Lake Clarendon State School is important in demonstrating the principal characteristics of Queensland state schools with their later modifications. These include: timber-framed buildings constructed to standard designs by the Queensland Government; and generous, landscaped sites with mature shade trees, play areas and sporting facilities. The school is a good example of a modest, regional school complex.

The Department of Public Works-designed school residence is an excellent, intact example of the residence type of its period - retaining its lowset, hipped roof, weatherboard-clad form with early joinery; and comprising three bedrooms, a living room, a kitchen with stove alcove, a front verandah and rear dining room, and natural ventilation features, including its ventilation fleche. The 1936 sleep-out addition is a good example of alterations that were commonly made to school residences to meet changing spatial requirements.

The Department of Public Works-designed teaching building is a good example of a regional timber school and is important in demonstrating the principal characteristics of its type. It retains its gable roof with ventilation fleche; some early timber joinery; single large classroom with generous verandahs (rear verandah now enclosed); rear annexe; coved ceiling; and single skin verandah walls (only retained at the front).

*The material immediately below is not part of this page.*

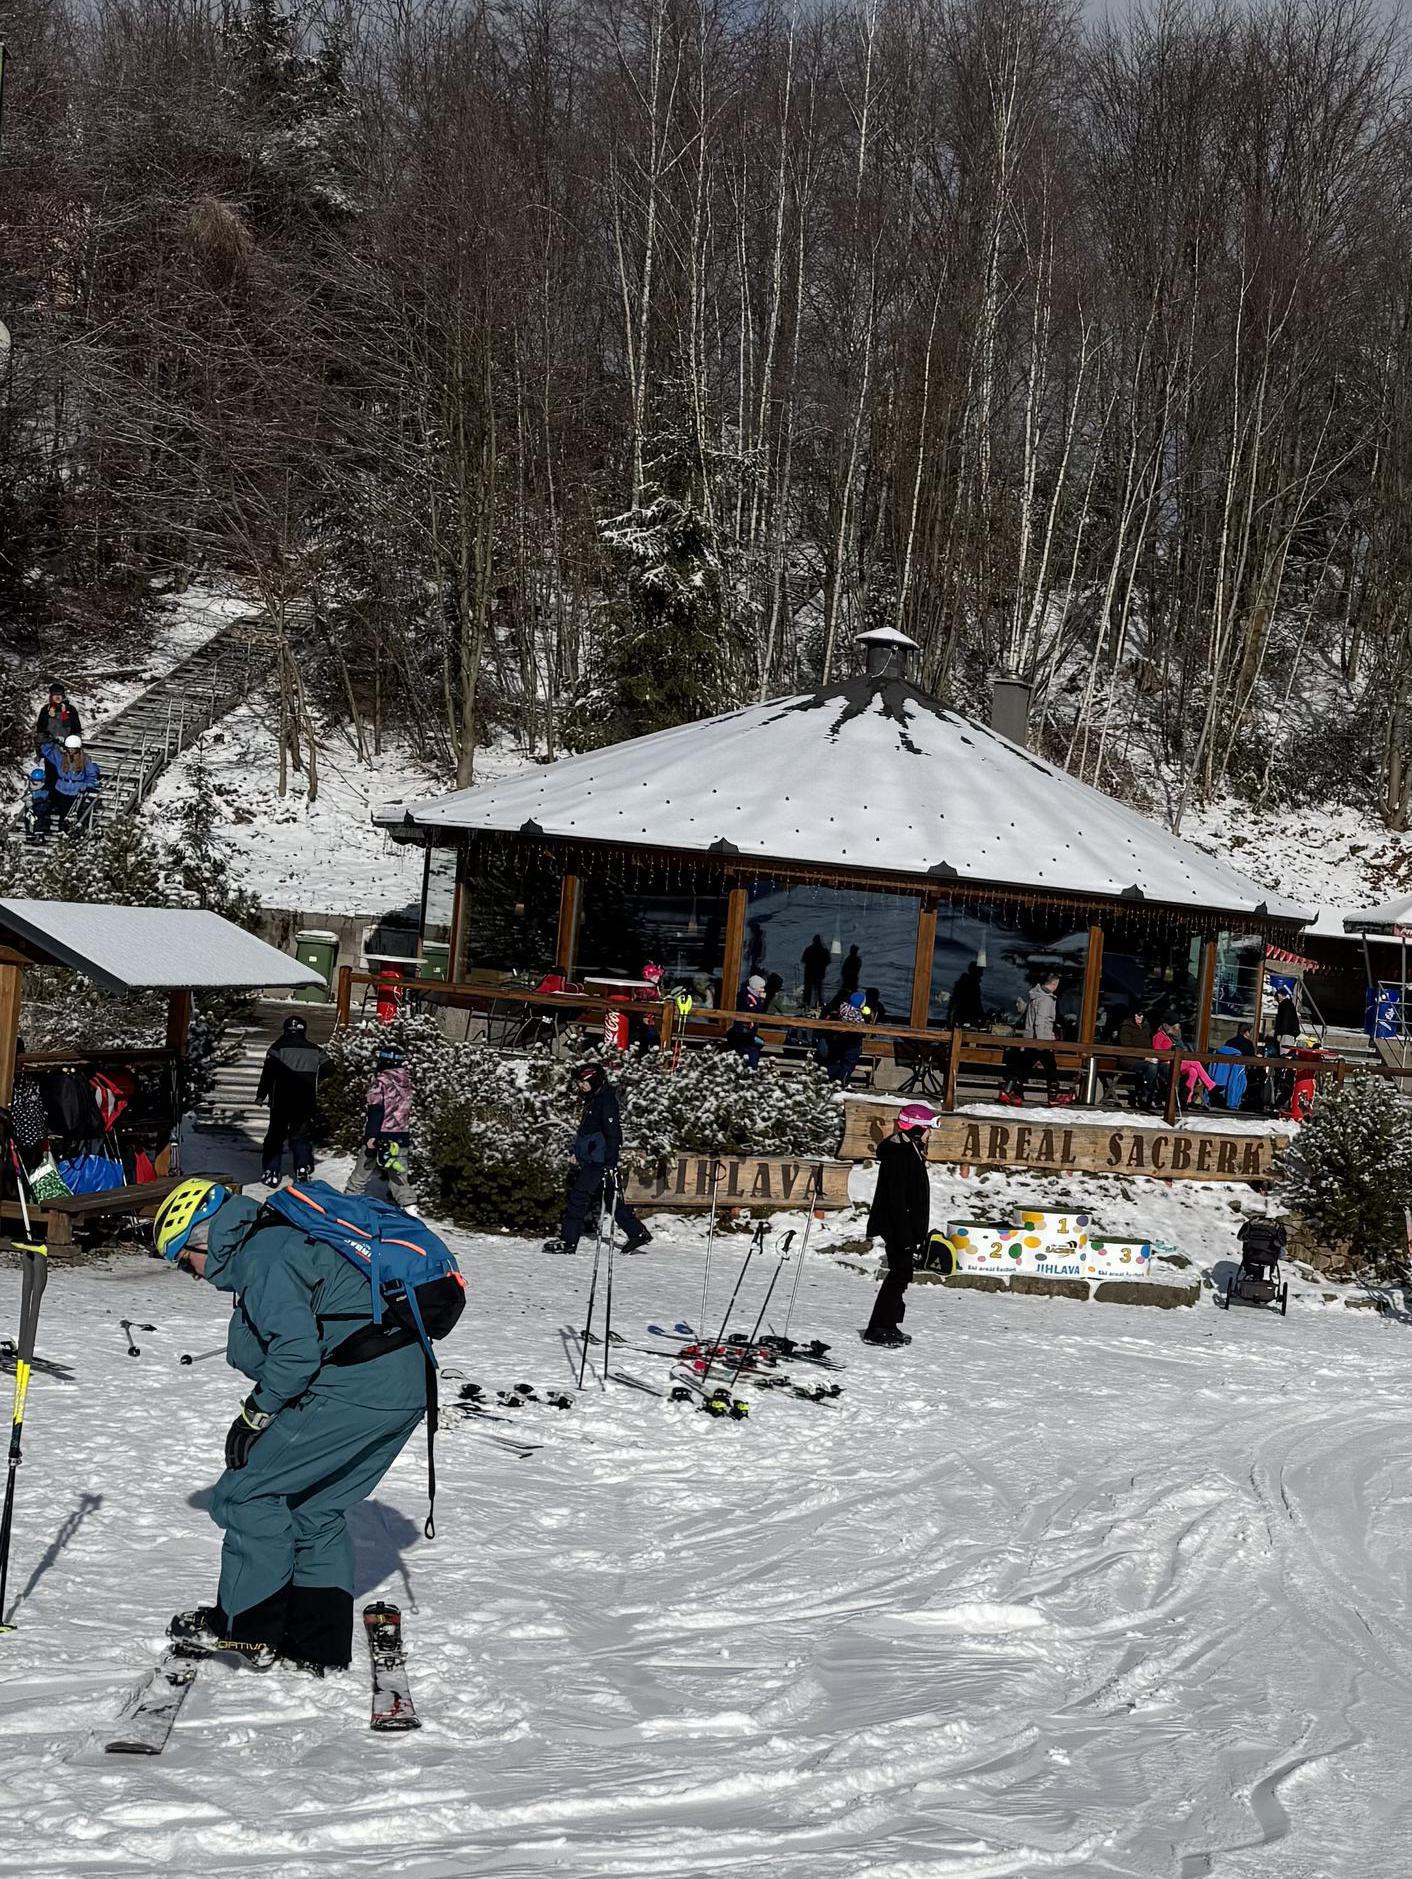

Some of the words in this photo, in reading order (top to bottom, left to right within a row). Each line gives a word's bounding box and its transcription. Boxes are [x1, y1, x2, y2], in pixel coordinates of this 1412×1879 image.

The open-air school building is a good example of its type, retaining its lowset design, with single-room classroom and hipped roof. The enclosures of the former canvas screen sections demonstrate typical modifications that were made to the type with changing educational philosophies.

The playshed is a good example of its type and retains its hipped timber-framed roof, supported on 10 braced timber posts.

The place has a strong or special association with a particular community or cultural group for social, cultural or spiritual reasons.

Schools have always played an important part in Queensland communities. They typically retain significant and enduring connections with former pupils, parents, and teachers; provide a venue for social interaction and volunteer work; and are a source of pride, symbolising local progress and aspirations.

Lake Clarendon State School has a strong and ongoing association with the Lake Clarendon community. It was established in 1902 through the fundraising efforts of the local community and generations of Lake Clarendon children have been taught there.